═════ RECORD EXTRACTS ═════

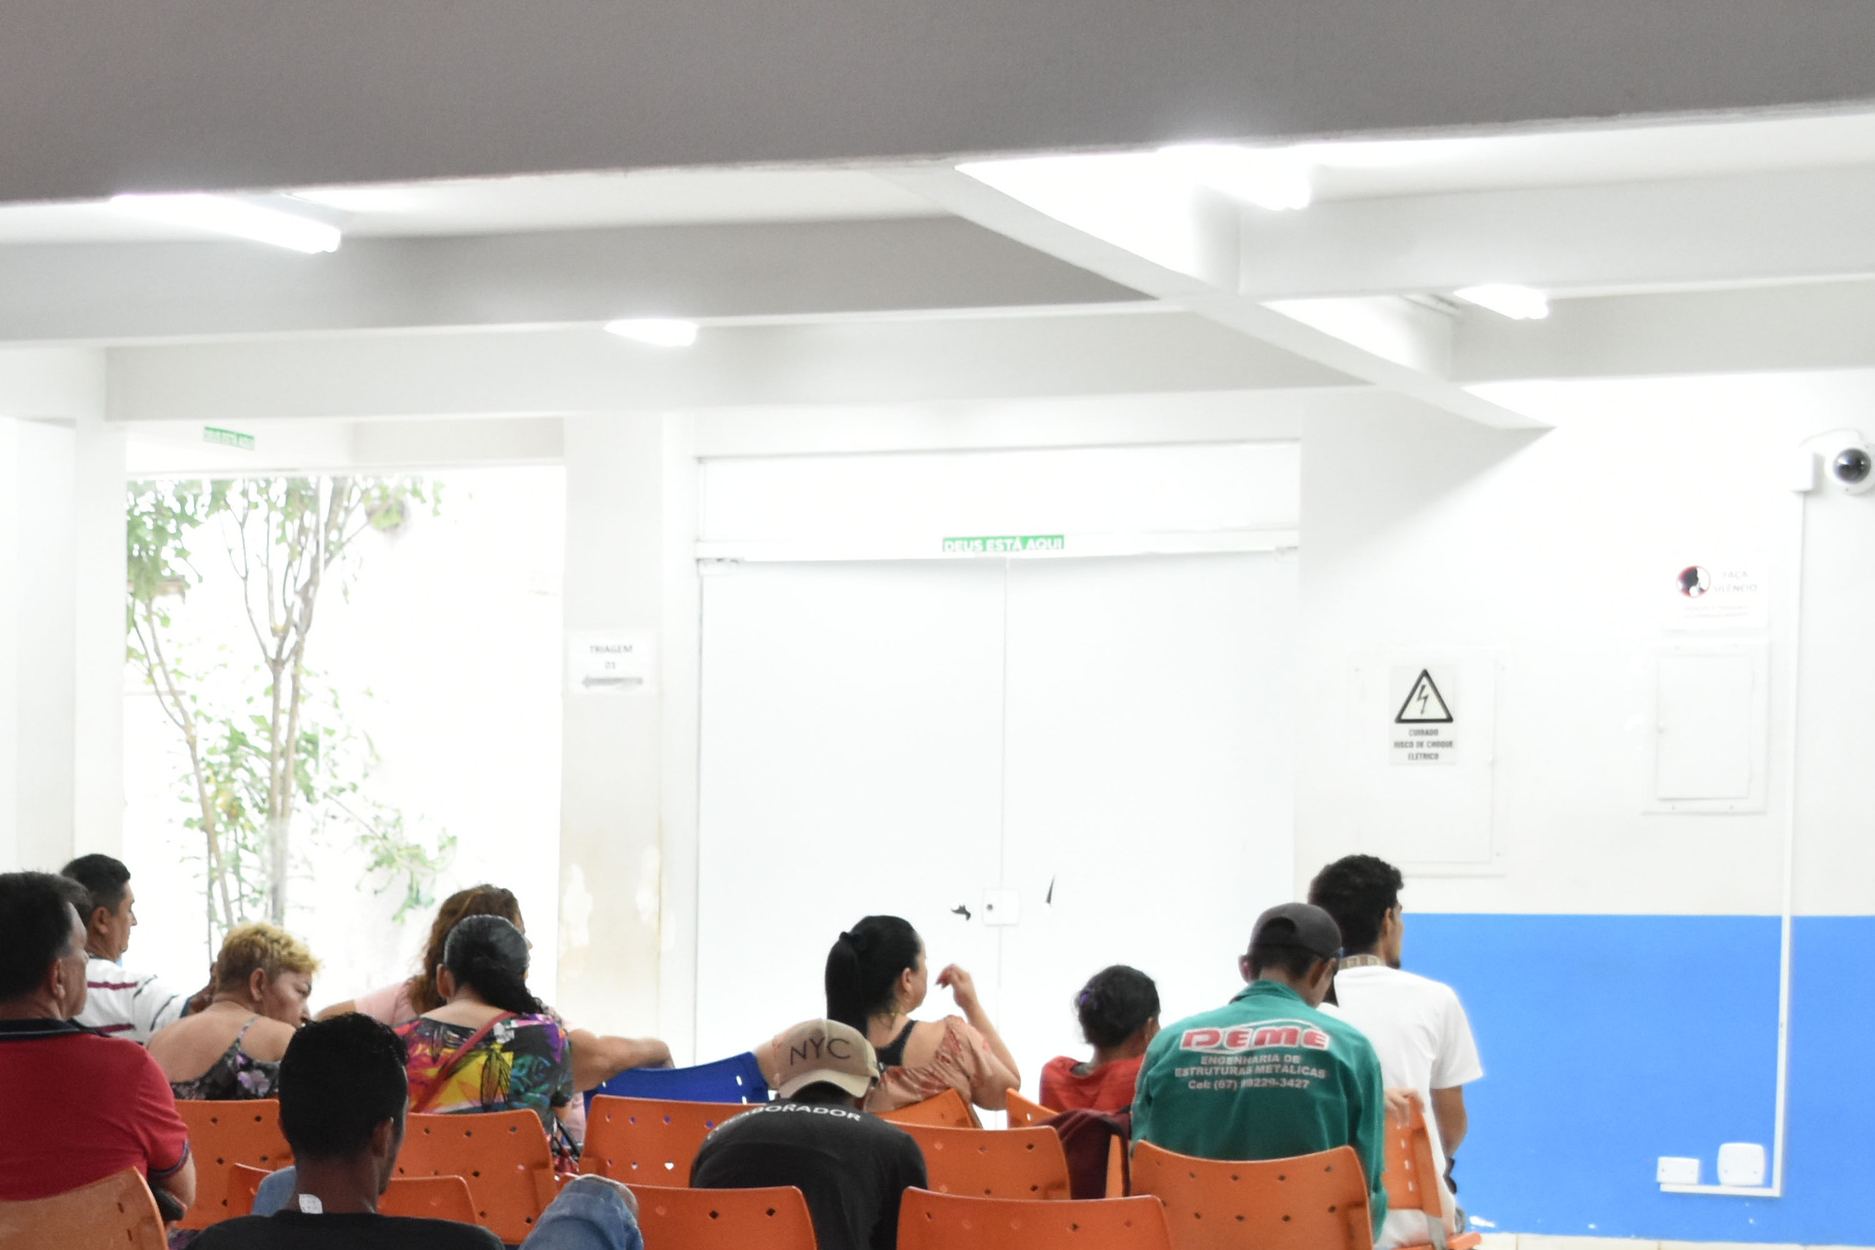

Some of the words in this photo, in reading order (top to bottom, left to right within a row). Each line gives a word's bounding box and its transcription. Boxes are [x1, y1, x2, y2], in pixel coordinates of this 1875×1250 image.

[944, 539, 983, 551] DEUS
[1026, 538, 1062, 549] AQUI
[789, 1037, 851, 1066] NYC
[1201, 1054, 1280, 1065] ENGENHARIA
[1284, 1054, 1301, 1064] DE
[1175, 1066, 1252, 1077] ESTRUTURAS
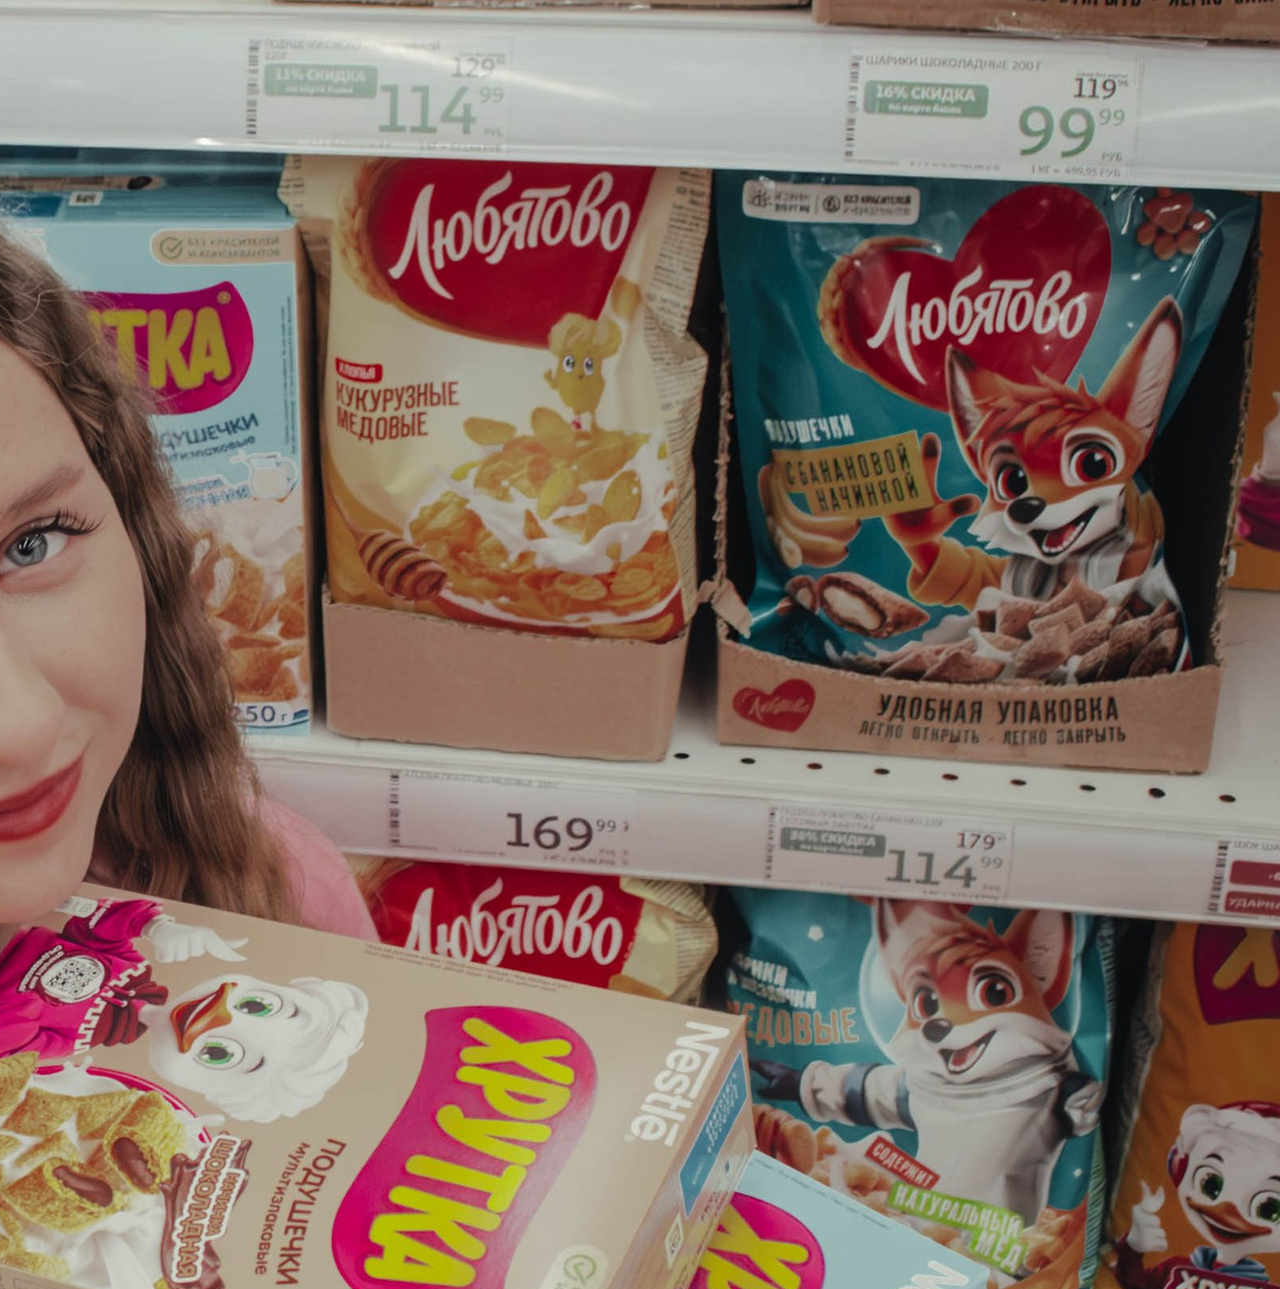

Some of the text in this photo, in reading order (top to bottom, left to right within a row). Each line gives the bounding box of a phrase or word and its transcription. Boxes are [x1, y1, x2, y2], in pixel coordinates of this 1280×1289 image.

[274, 66, 367, 83] 11% СКИДКА
[451, 56, 496, 80] 129
[865, 53, 1010, 72] ШАРИКИ ШОКОЛАДНЫЕ
[876, 85, 976, 103] 16% СКИДКА
[1072, 75, 1117, 101] 119
[378, 83, 505, 135] 114 99
[1018, 104, 1126, 159] 99 99
[389, 170, 631, 300] Любятово
[867, 264, 1088, 386] Любятово
[335, 379, 460, 415] КУКУРУЗНЫЕ
[335, 411, 428, 443] МЕДОВЫЕ
[798, 442, 911, 485] БАНАНОВОЙ
[816, 476, 919, 514] НАЧИНКОЙ
[876, 693, 1119, 723] УДОБНАЯ УПАКОВКА
[859, 720, 1127, 746] ЛЕГКО ОТКРЫТЬ ЛЕГКО ЗАКРЫТЬ
[505, 812, 617, 852] 169 99
[821, 833, 877, 848] СКИДКА
[956, 831, 996, 851] 179
[886, 848, 1004, 888] 114 99
[364, 1016, 576, 1288] ХРУТКА
[872, 1140, 934, 1190] СОДЕРЖИТ
[175, 1137, 238, 1281] ШОКОЛАДНАЯ
[207, 1173, 242, 1238] НАЧИНКА
[253, 1142, 311, 1277] мультизлаковые
[275, 1138, 346, 1287] ПОДУШЕЧКИ
[894, 1184, 1022, 1240] НАТУРАЛЬНЫЙ
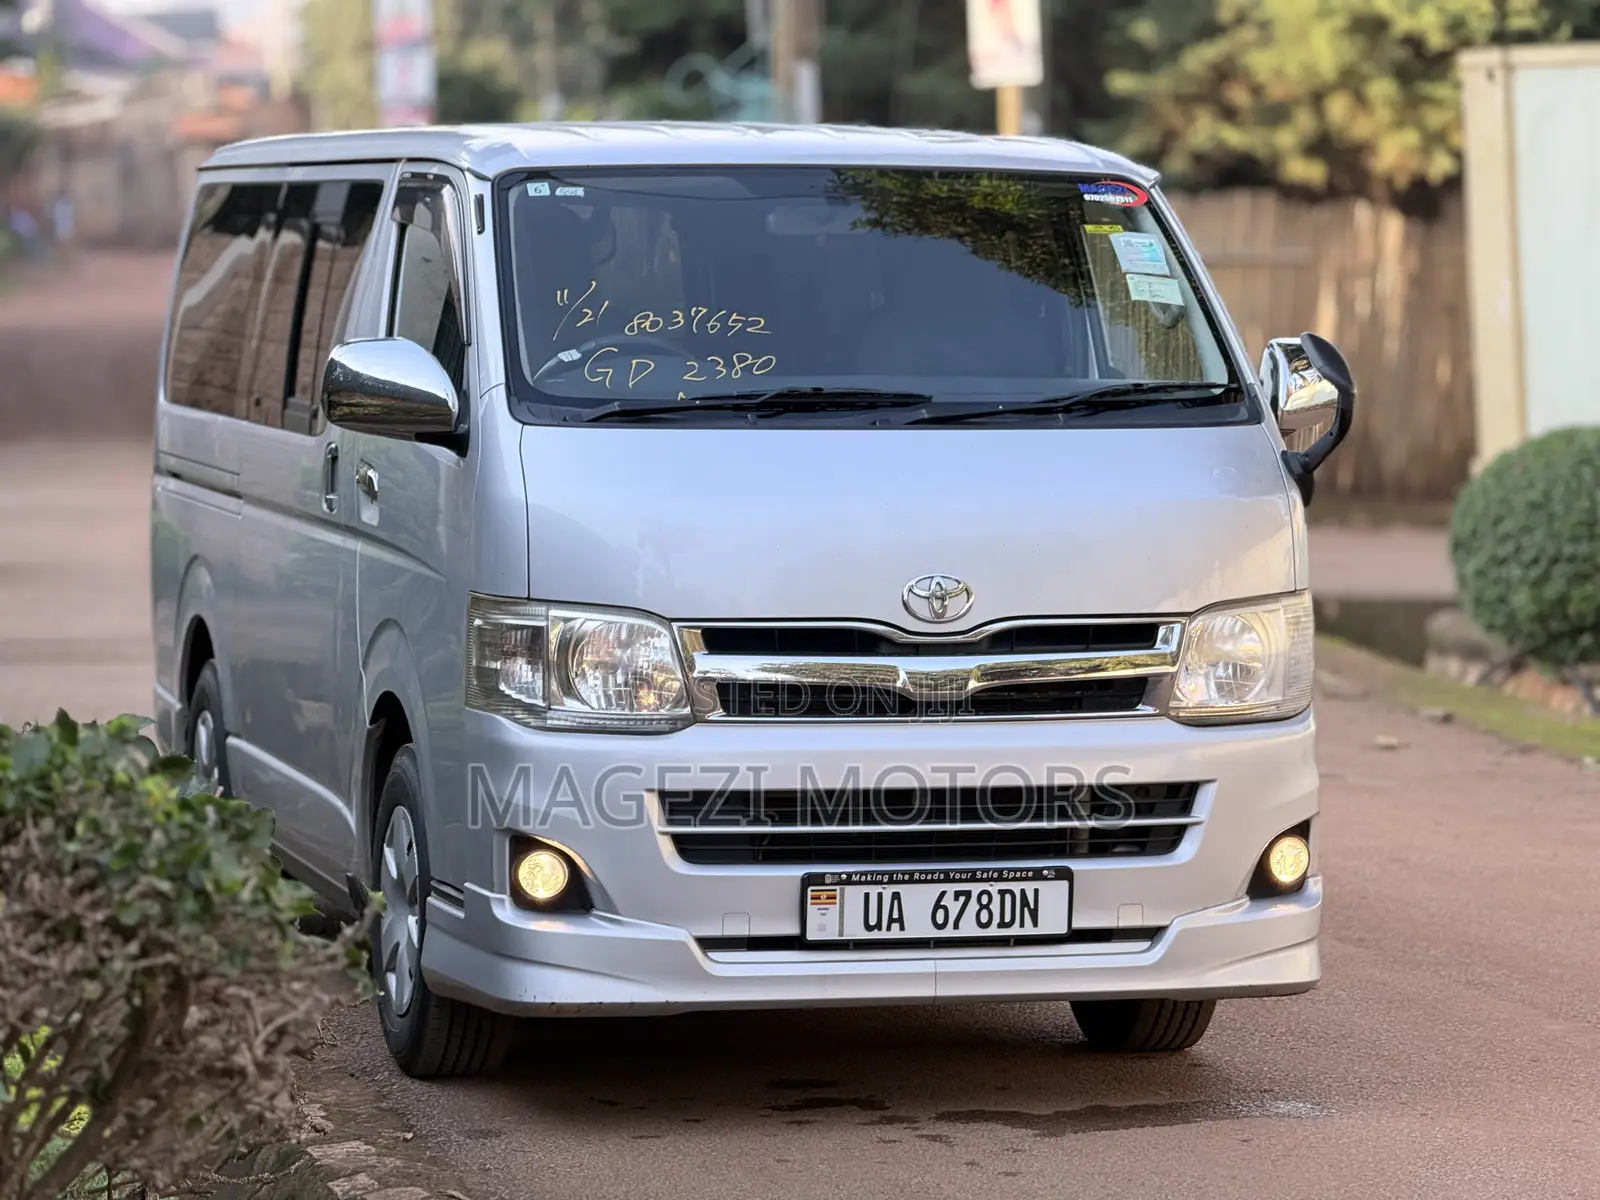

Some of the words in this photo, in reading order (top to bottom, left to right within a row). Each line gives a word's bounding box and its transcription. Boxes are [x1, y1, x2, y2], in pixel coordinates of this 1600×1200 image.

[624, 307, 772, 337] 8037652
[683, 353, 776, 382] 2380
[851, 872, 889, 883] Making
[893, 872, 910, 881] the
[913, 871, 945, 881] Roads
[949, 870, 972, 880] Your
[975, 869, 999, 880] Safe
[1002, 869, 1034, 880] Space
[863, 891, 906, 933] UA
[930, 887, 1040, 931] 678DN

═════

• DIRECTIONS FOR THIS TASK:
A word-for-word copy of all the data, without pictures, is the expected output.

• OUTPUT FOR THIS TASK:
Some of the words in this photo, in reading order (top to bottom, left to right within a row). Each line gives a word's bounding box and its transcription. Boxes are [x1, y1, x2, y2], in pixel coordinates of this 1875×1250 image.

[944, 539, 983, 551] DEUS
[1026, 538, 1062, 549] AQUI
[789, 1037, 851, 1066] NYC
[1201, 1054, 1280, 1065] ENGENHARIA
[1284, 1054, 1301, 1064] DE
[1175, 1066, 1252, 1077] ESTRUTURAS

Some of the text in this photo, in reading order (top to bottom, left to right within a row). Each line gives the bounding box of a phrase or word and its transcription. Boxes are [x1, y1, x2, y2], in pixel coordinates of this 1280×1289 image.

[274, 66, 367, 83] 11% СКИДКА
[451, 56, 496, 80] 129
[865, 53, 1010, 72] ШАРИКИ ШОКОЛАДНЫЕ
[876, 85, 976, 103] 16% СКИДКА
[1072, 75, 1117, 101] 119
[378, 83, 505, 135] 114 99
[1018, 104, 1126, 159] 99 99
[389, 170, 631, 300] Любятово
[867, 264, 1088, 386] Любятово
[335, 379, 460, 415] КУКУРУЗНЫЕ
[335, 411, 428, 443] МЕДОВЫЕ
[798, 442, 911, 485] БАНАНОВОЙ
[816, 476, 919, 514] НАЧИНКОЙ
[876, 693, 1119, 723] УДОБНАЯ УПАКОВКА
[859, 720, 1127, 746] ЛЕГКО ОТКРЫТЬ ЛЕГКО ЗАКРЫТЬ
[505, 812, 617, 852] 169 99
[821, 833, 877, 848] СКИДКА
[956, 831, 996, 851] 179
[886, 848, 1004, 888] 114 99
[364, 1016, 576, 1288] ХРУТКА
[872, 1140, 934, 1190] СОДЕРЖИТ
[175, 1137, 238, 1281] ШОКОЛАДНАЯ
[207, 1173, 242, 1238] НАЧИНКА
[253, 1142, 311, 1277] мультизлаковые
[275, 1138, 346, 1287] ПОДУШЕЧКИ
[894, 1184, 1022, 1240] НАТУРАЛЬНЫЙ

Some of the words in this photo, in reading order (top to bottom, left to right within a row). Each line gives a word's bounding box and its transcription. Boxes are [x1, y1, x2, y2], in pixel coordinates of this 1600×1200 image.

[624, 307, 772, 337] 8037652
[683, 353, 776, 382] 2380
[851, 872, 889, 883] Making
[893, 872, 910, 881] the
[913, 871, 945, 881] Roads
[949, 870, 972, 880] Your
[975, 869, 999, 880] Safe
[1002, 869, 1034, 880] Space
[863, 891, 906, 933] UA
[930, 887, 1040, 931] 678DN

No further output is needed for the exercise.